**Aim of the task**
Leave no picture in, and give every entry again exactly.

**Image-backed grounding data**
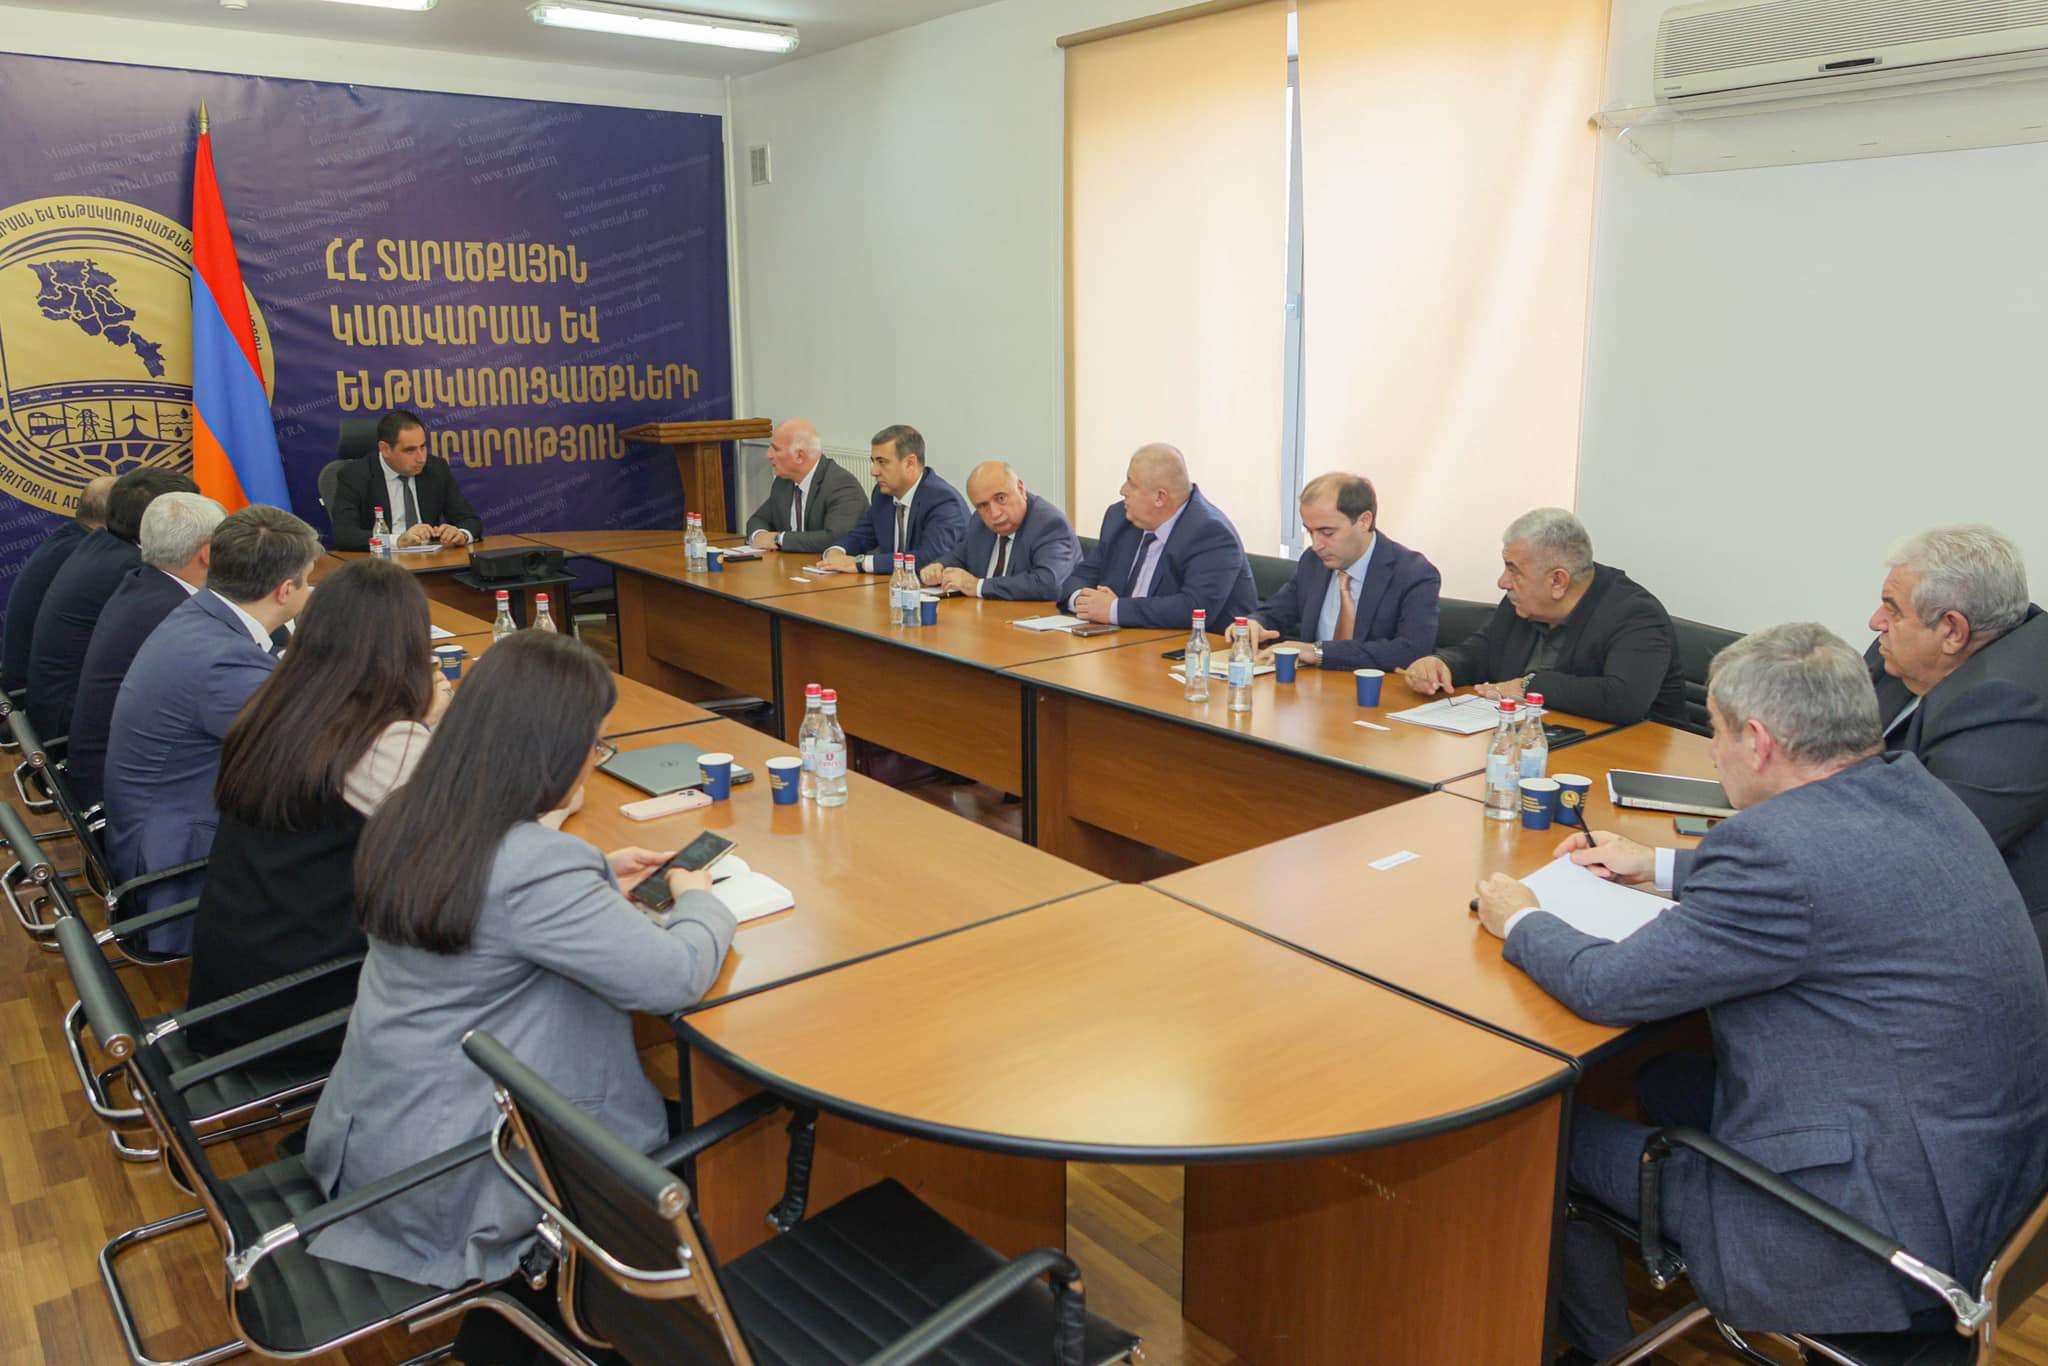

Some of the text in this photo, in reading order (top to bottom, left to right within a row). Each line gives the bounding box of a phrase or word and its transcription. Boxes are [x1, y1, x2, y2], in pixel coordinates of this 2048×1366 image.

[325, 237, 367, 282] ՀՀ
[375, 238, 588, 284] ՏԱՐԱԾՔԱՅԻՆ
[330, 304, 600, 346] ԿԱՌԱՎԱՐՄԱՆ ԵՎ
[336, 362, 700, 412] ԵՆԹԱԿԱՌՈՒՑՎԱԾՔՆԵՐԻ
[430, 423, 626, 469] ՐԱՐՈՒԹՅՈՒՆ

**The answer**
Some of the text in this photo, in reading order (top to bottom, left to right within a row). Each line gives the bounding box of a phrase or word and its transcription. Boxes are [x1, y1, x2, y2], in pixel coordinates of this 2048×1366 image.

[325, 237, 367, 282] ՀՀ
[375, 238, 588, 284] ՏԱՐԱԾՔԱՅԻՆ
[330, 304, 600, 346] ԿԱՌԱՎԱՐՄԱՆ ԵՎ
[336, 362, 700, 412] ԵՆԹԱԿԱՌՈՒՑՎԱԾՔՆԵՐԻ
[430, 423, 626, 469] ՐԱՐՈՒԹՅՈՒՆ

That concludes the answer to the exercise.